Data for analysis:
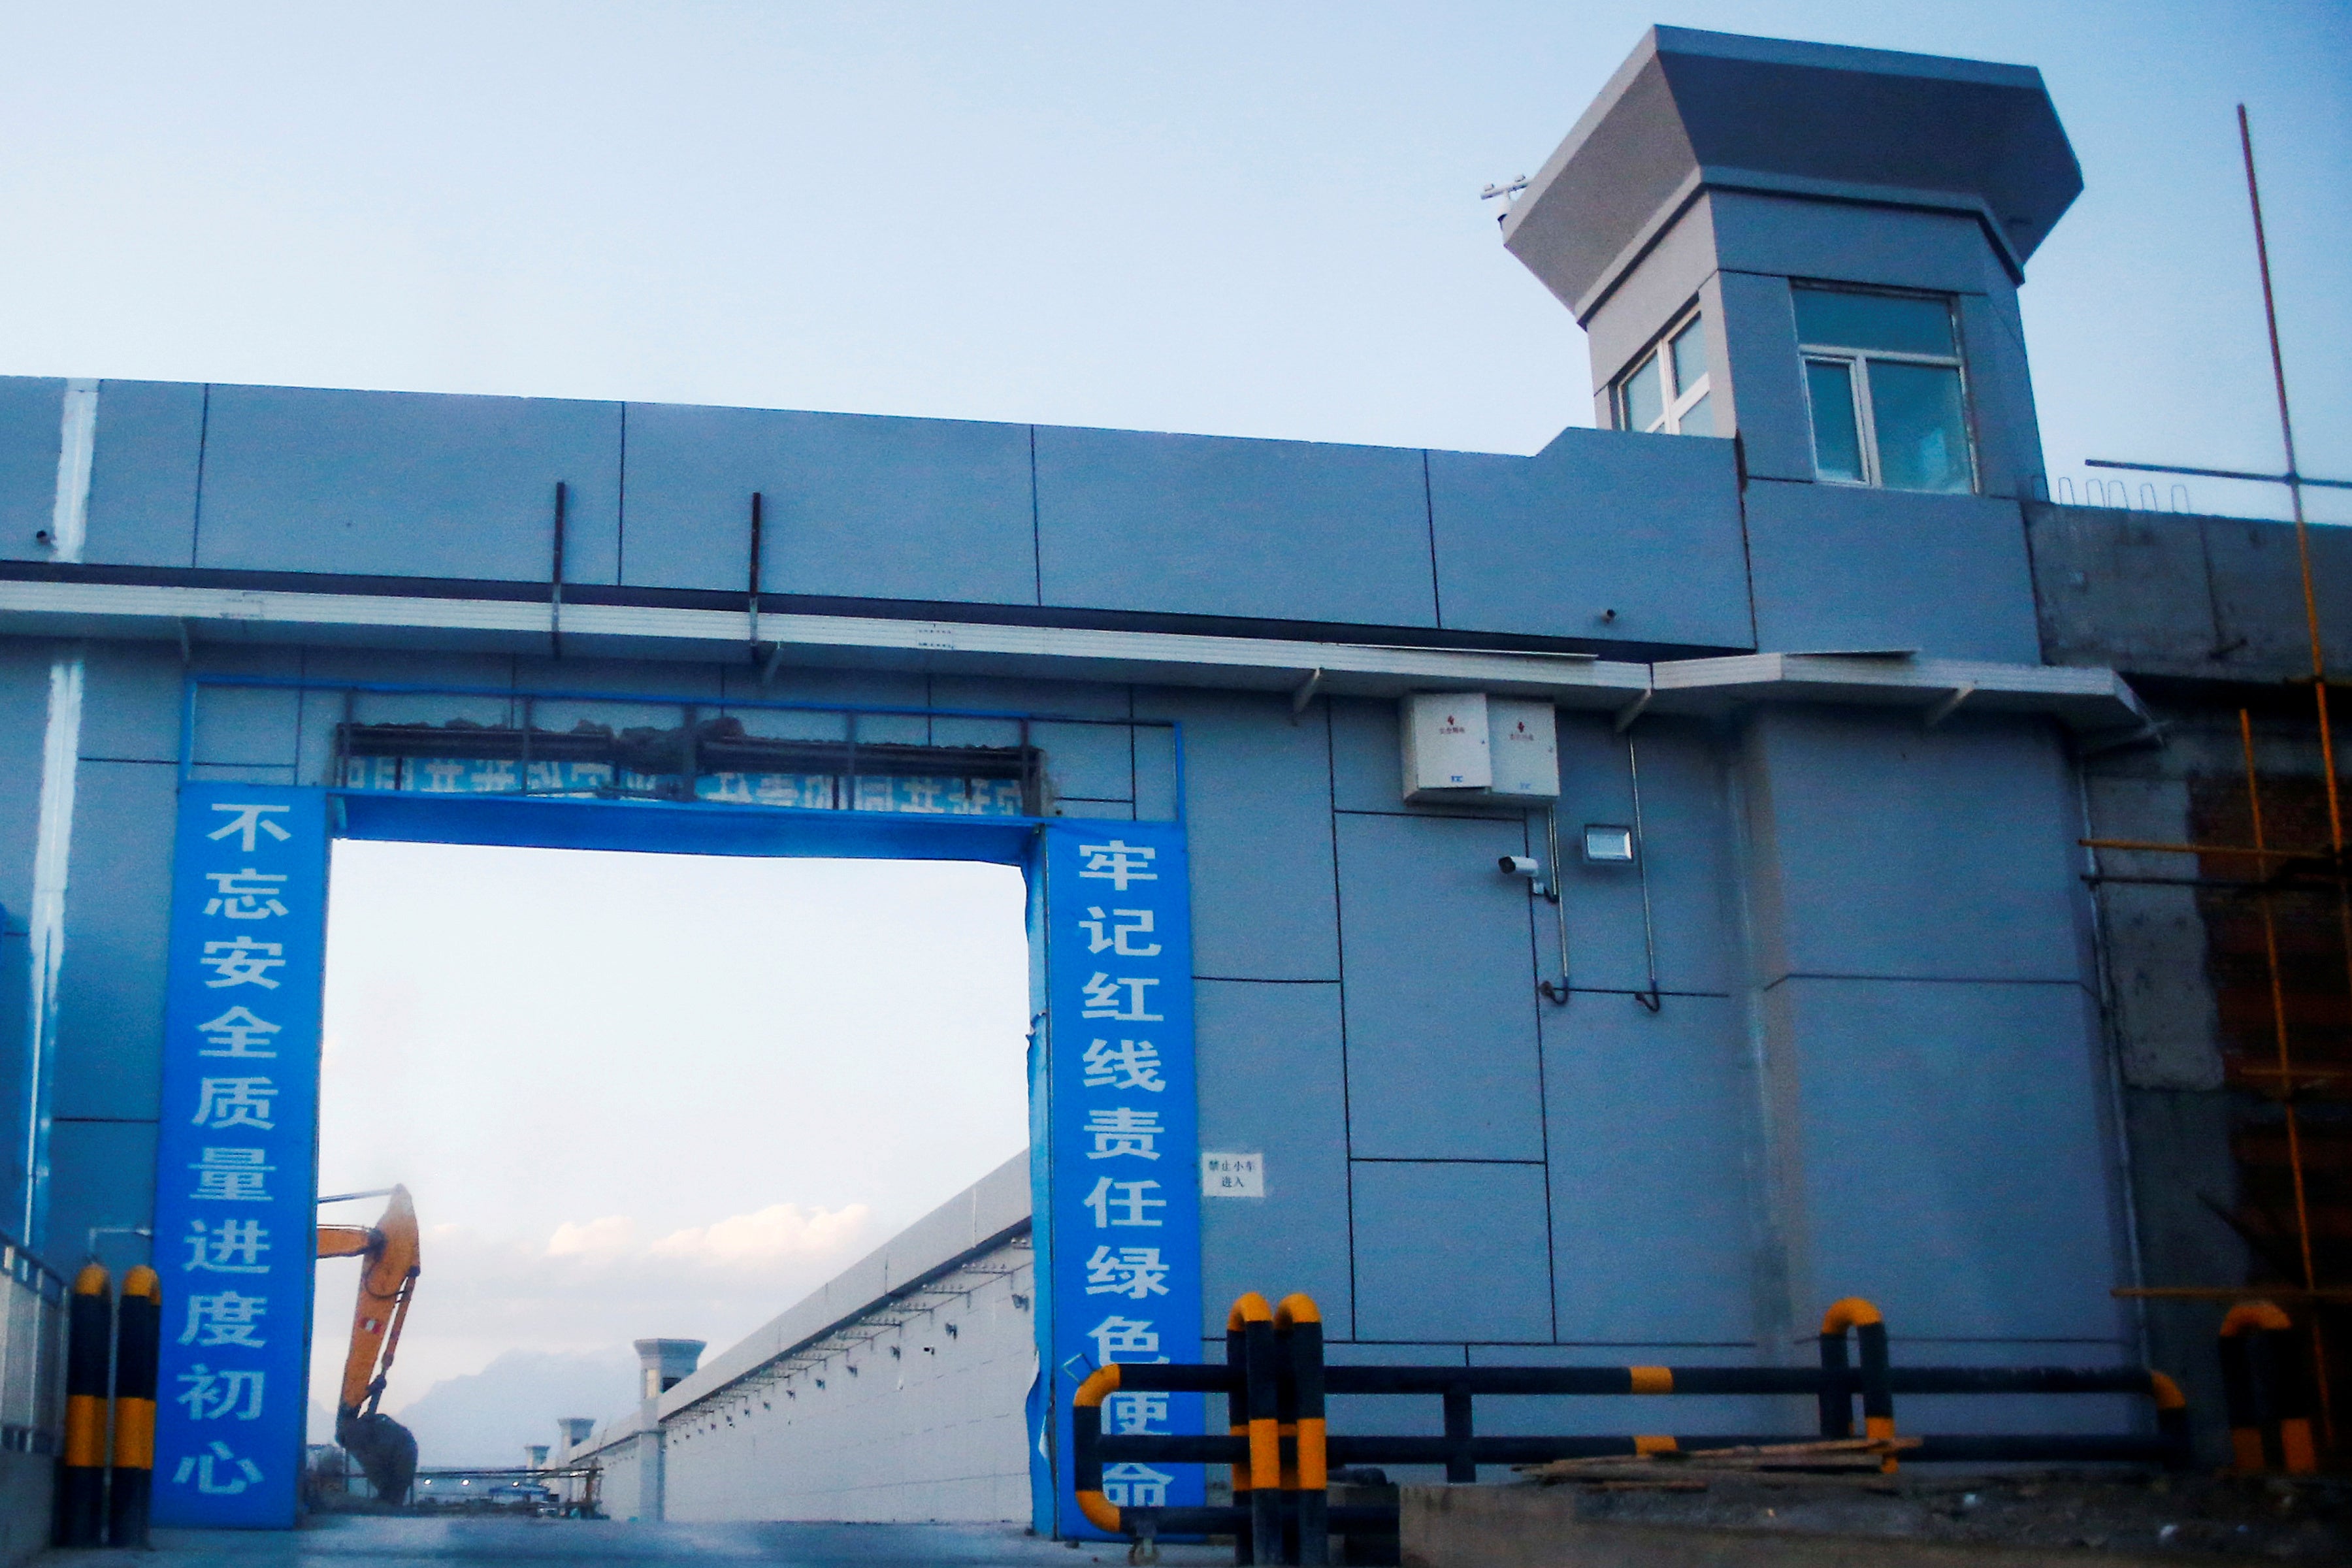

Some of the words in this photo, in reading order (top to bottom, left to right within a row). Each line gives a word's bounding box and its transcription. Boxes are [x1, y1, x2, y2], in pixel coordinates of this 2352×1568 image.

[172, 803, 291, 1495] 不忘安全质量进度初心
[1079, 840, 1175, 1507] 牢记红线责任绿色使命
[1222, 1175, 1245, 1188] 进入
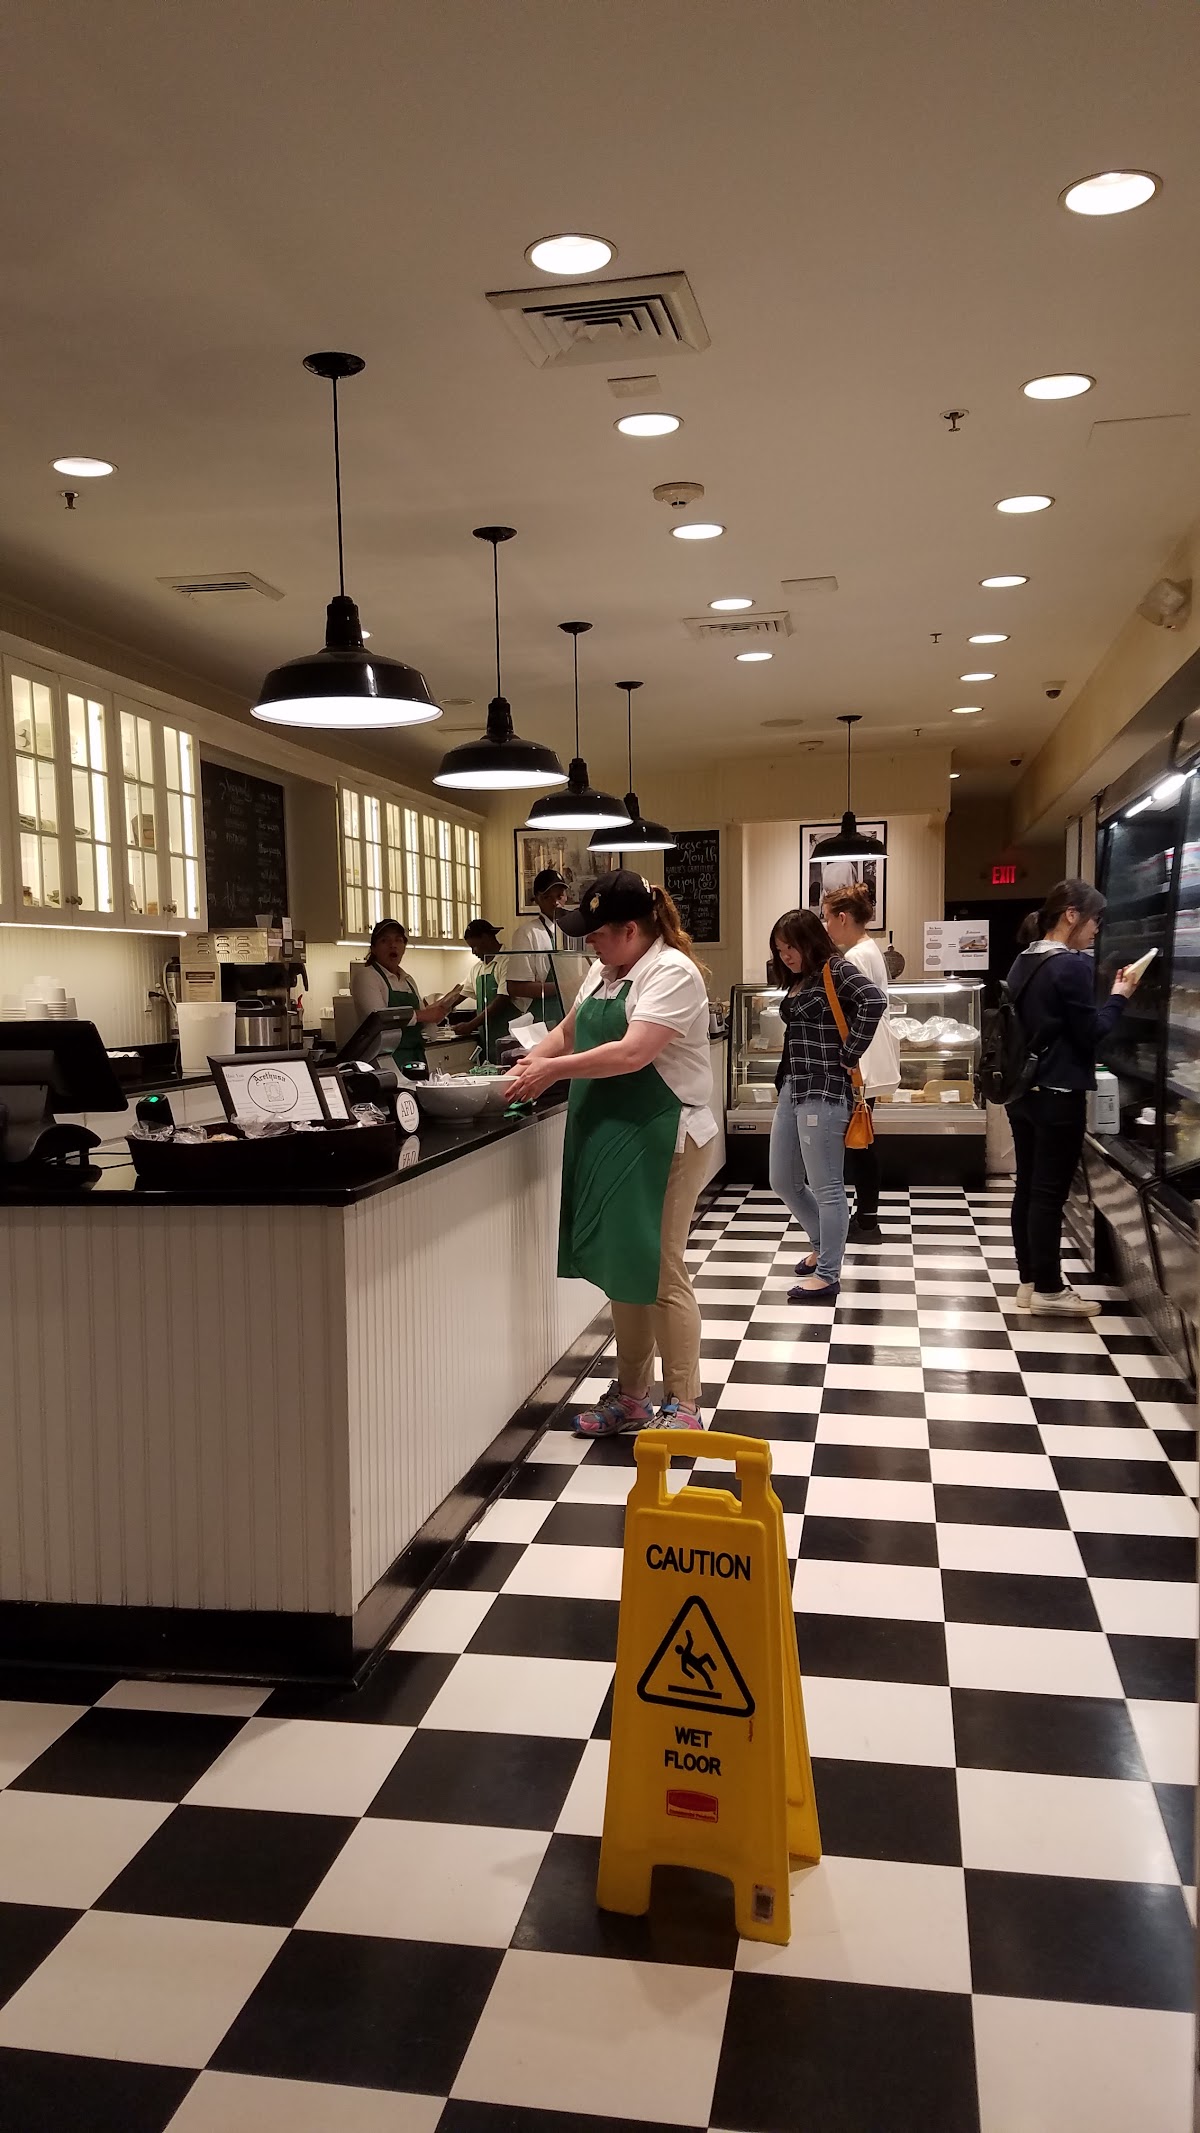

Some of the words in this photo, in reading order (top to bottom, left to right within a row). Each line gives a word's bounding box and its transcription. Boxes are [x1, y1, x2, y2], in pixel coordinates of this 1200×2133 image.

[671, 834, 701, 852] heese
[680, 846, 718, 865] Month
[667, 874, 696, 893] Enjoy
[992, 866, 1016, 884] EXIT
[253, 1072, 286, 1084] Arethusa
[646, 1544, 751, 1581] CAUTION
[675, 1726, 712, 1748] WET
[665, 1750, 721, 1776] FLOOR
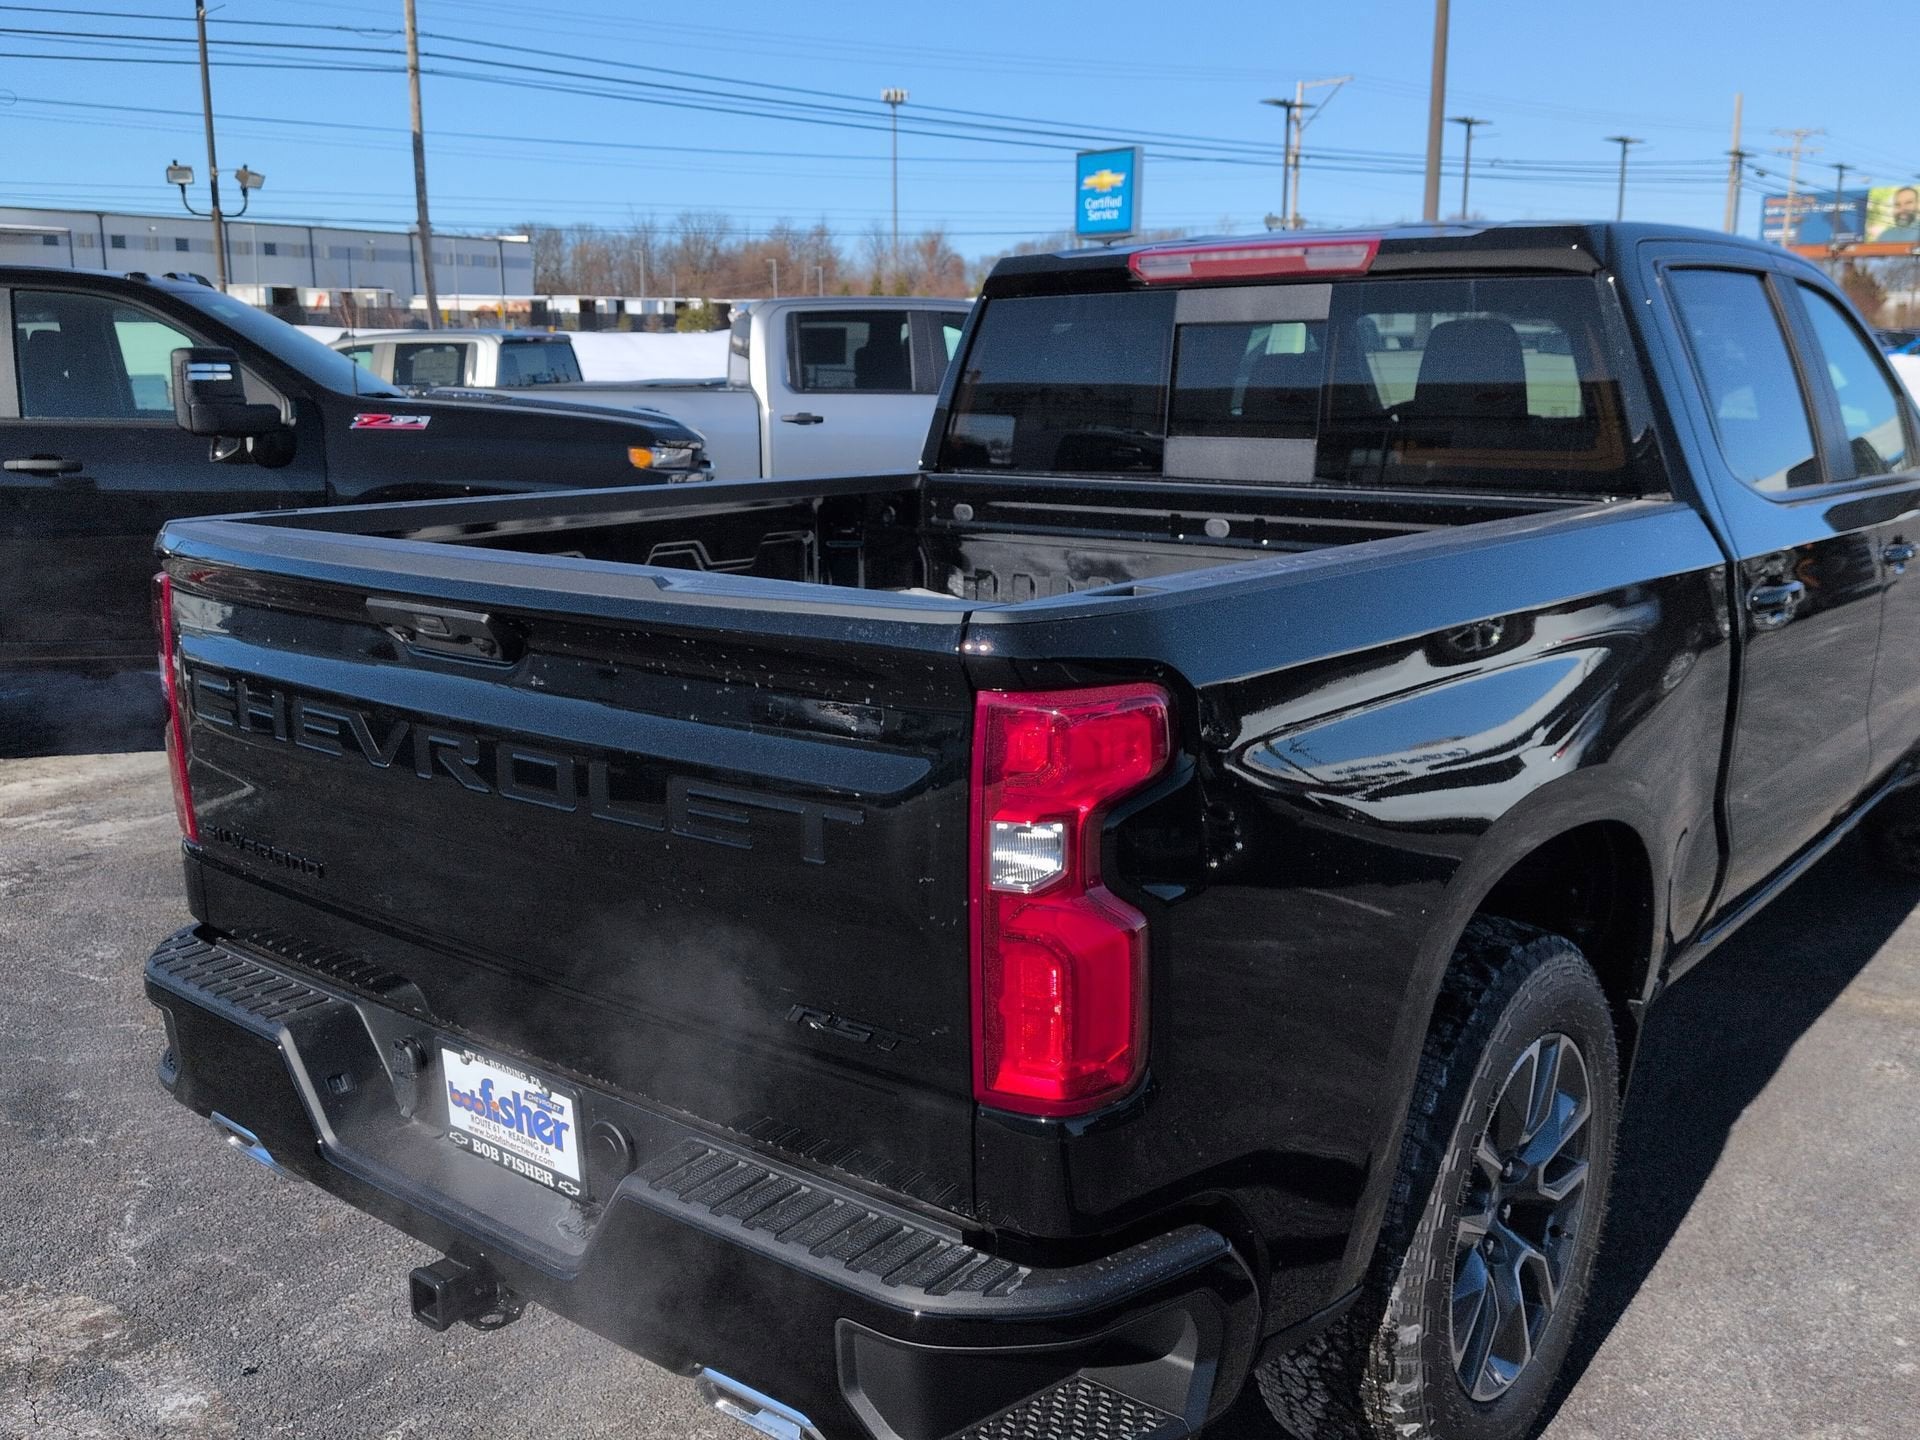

Task directions: Please repeat every record exactly, leaving the pictures out.

The completed task:
Some of the words in this photo, in reading order (top to bottom, left to right within a row). Each line gives a word's bounding box and its transcription. Boxes are [x1, y1, x2, y2], in pixel coordinates of this 2352×1568 image.

[172, 803, 291, 1495] 不忘安全质量进度初心
[1079, 840, 1175, 1507] 牢记红线责任绿色使命
[1222, 1175, 1245, 1188] 进入

Some of the words in this photo, in reading order (top to bottom, left to right within a row). Each line gives a word's bounding box and its transcription. Boxes are [x1, y1, x2, y2], in pixel coordinates of this 1200×2133 image.

[671, 834, 701, 852] heese
[680, 846, 718, 865] Month
[667, 874, 696, 893] Enjoy
[992, 866, 1016, 884] EXIT
[253, 1072, 286, 1084] Arethusa
[646, 1544, 751, 1581] CAUTION
[675, 1726, 712, 1748] WET
[665, 1750, 721, 1776] FLOOR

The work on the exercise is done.